Was und warum feiern wir und andere Länder eigentlich an Silvester?
Warum böllern wir Silvester um Mitternacht und was hat es mit der ominösen roten Unterwäsche in Italien und Spanien auf sich? Wir versorgen euch hier mit ordentlich Silvester-Fakten und Bräuchen, damit ihr bei der nächsten Silvesterparty mit echtem Expertenwissen glänzen könnt.
Warum werden an Silvester Böller gezündet?
Die Germanen glaubten, dass in der Zeit zwischen den Jahren (den sogenannten Rauhnächten) die Grenze zur Geisterwelt besonders dünn sei. Um sich vor den bösen Dämonen zu schützen, machten die Menschen so viel Lärm wie möglich. Als es noch keine Böller gab, nutzte man Rasseln, Peitschenknallen, das Schlagen auf Töpfe oder das Blasen in Hörner.

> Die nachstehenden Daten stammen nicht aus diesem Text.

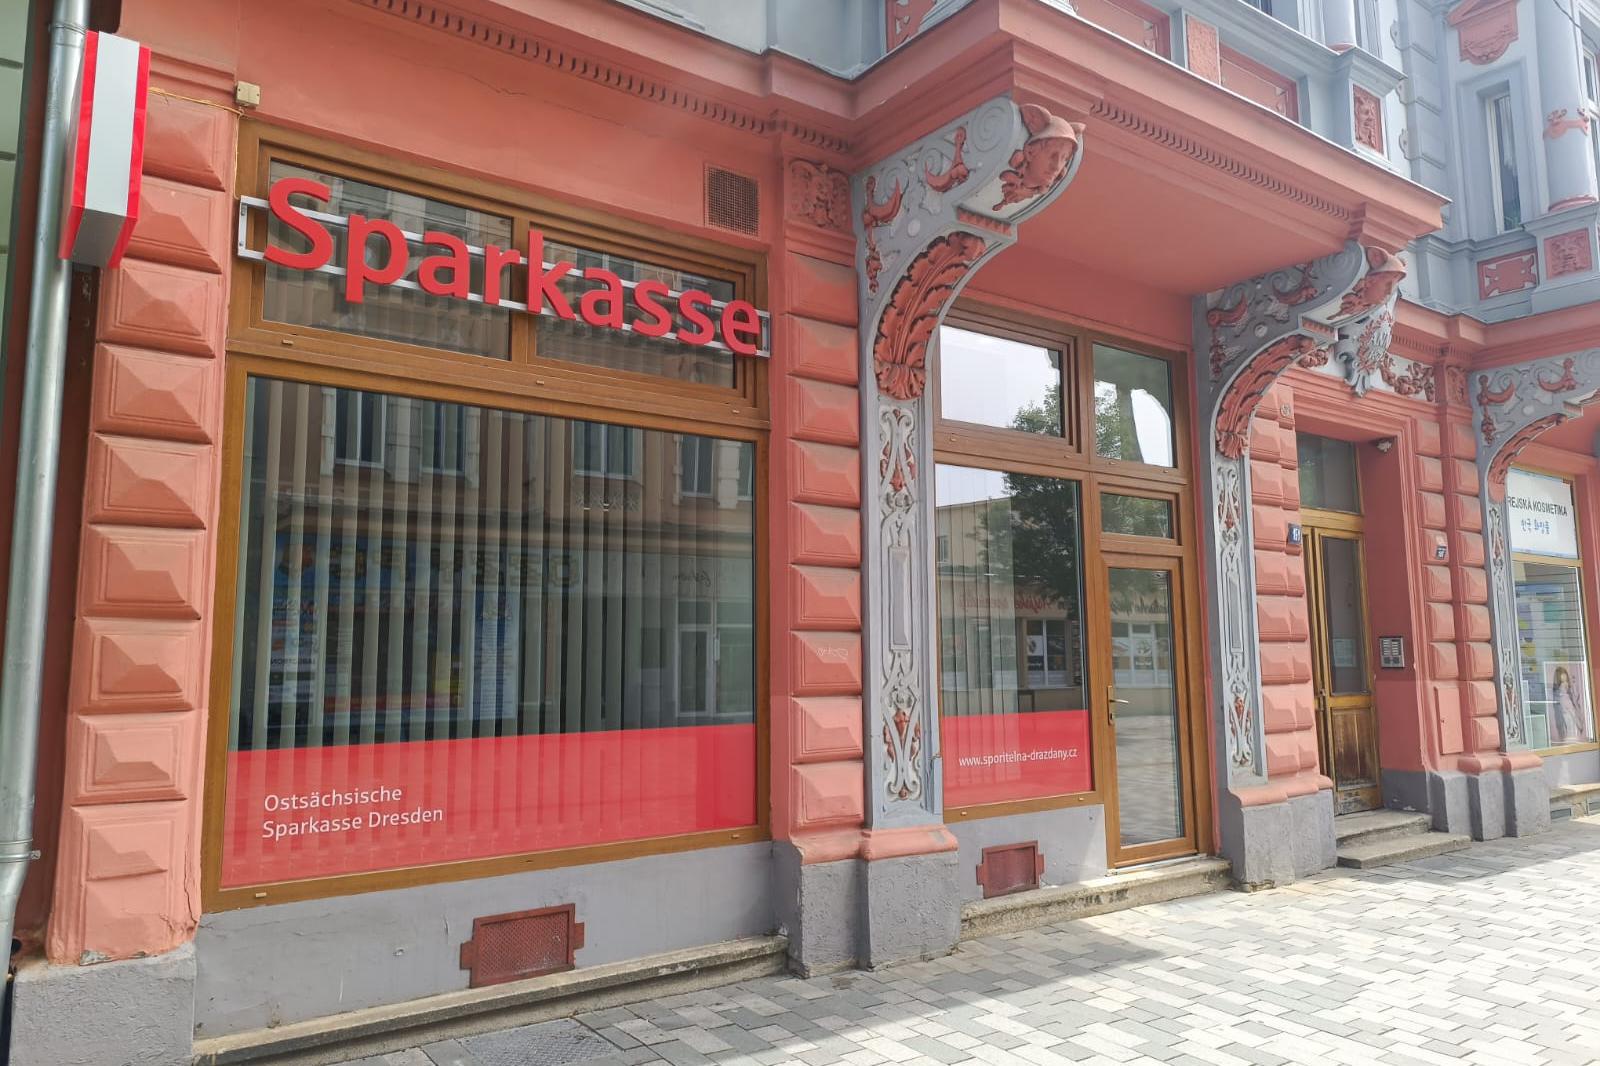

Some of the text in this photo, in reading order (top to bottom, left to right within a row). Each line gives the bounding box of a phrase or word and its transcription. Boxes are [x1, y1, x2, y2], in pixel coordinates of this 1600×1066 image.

[263, 177, 762, 355] Sparkasse
[958, 748, 1078, 768] www.sporitelna-drazdany.cz
[264, 786, 402, 812] Ostsächsische
[262, 806, 443, 842] Sparkasse Dresden
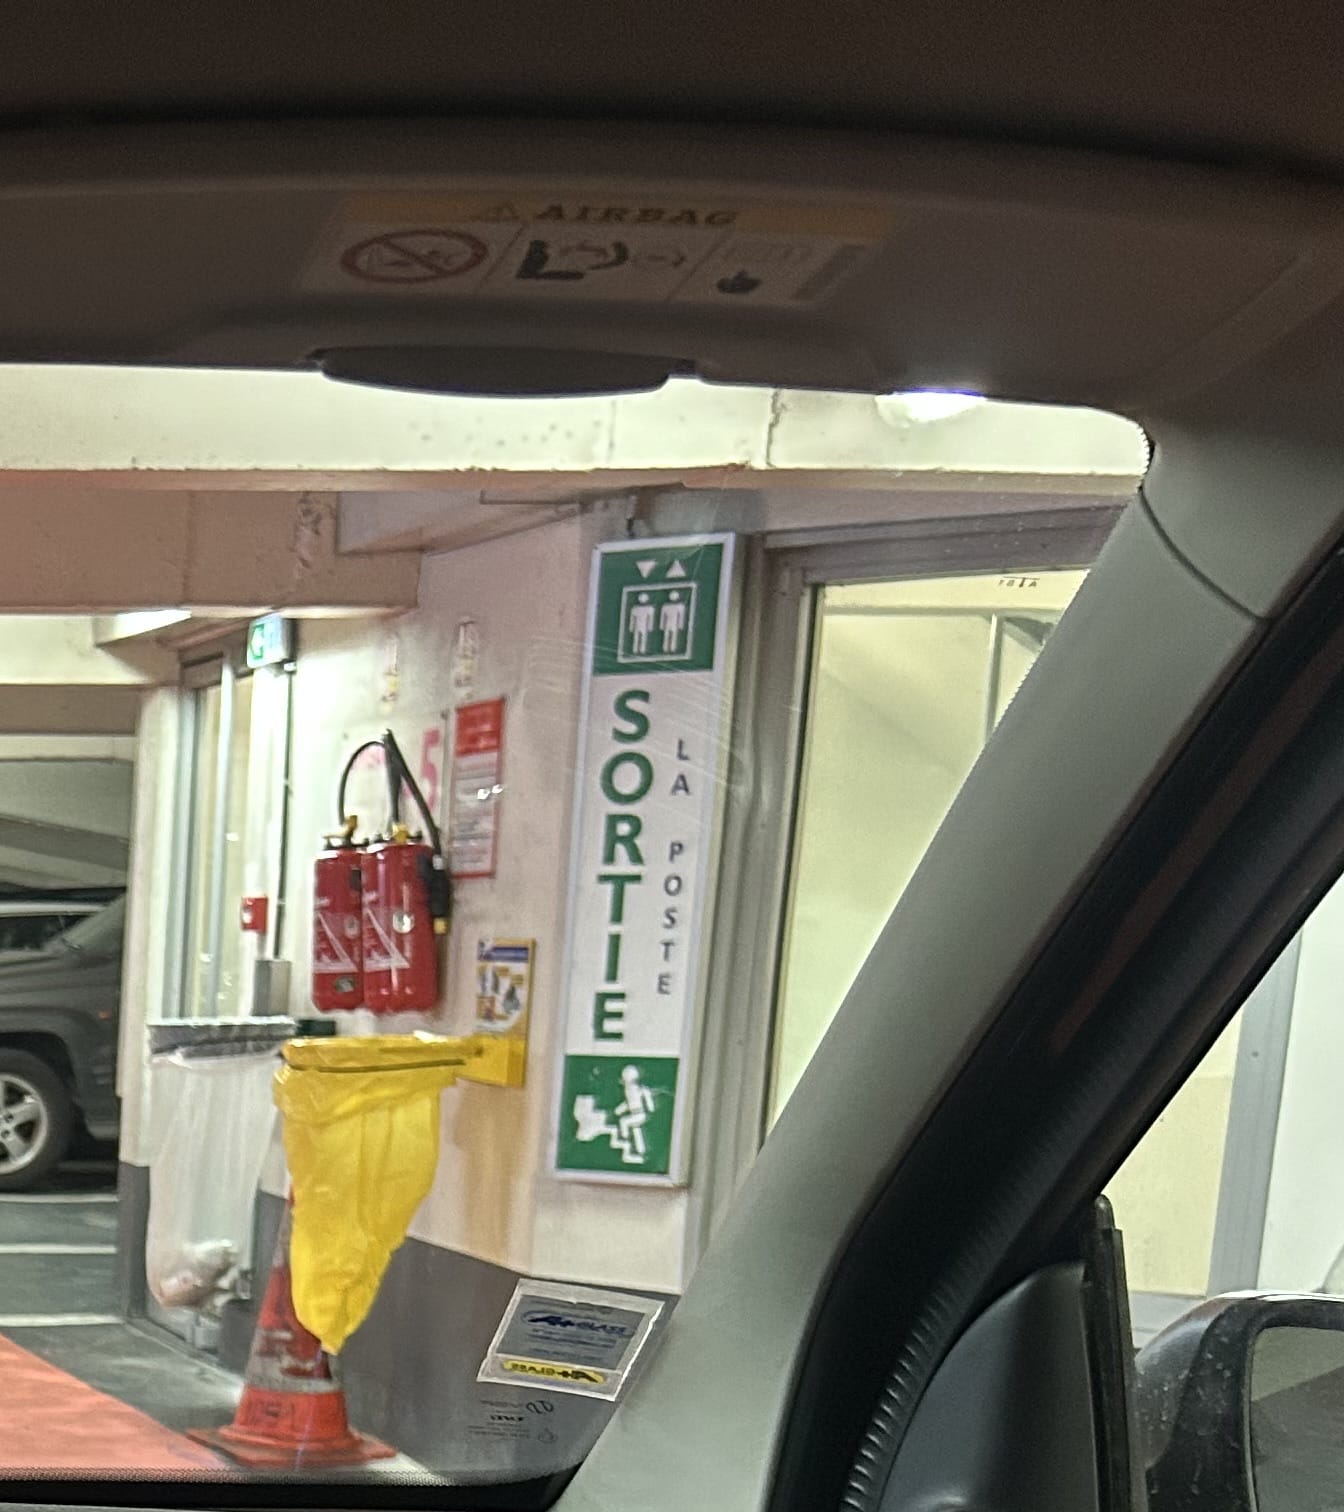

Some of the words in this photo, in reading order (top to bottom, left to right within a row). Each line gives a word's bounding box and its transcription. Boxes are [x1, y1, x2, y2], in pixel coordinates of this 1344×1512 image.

Außerdem liegt Silvester nahe der Wintersonnenwende. Das Feuerwerk und die hellen Blitze symbolisierten ursprünglich den Sieg des Lichts über die Dunkelheit des Winters. Man wollte die Sonne „wachrütteln“.
Übrigens stammt das Wort „Böller“ vermutlich vom spätmittelhochdeutschen Wort pollen (tönen, schallen) ab.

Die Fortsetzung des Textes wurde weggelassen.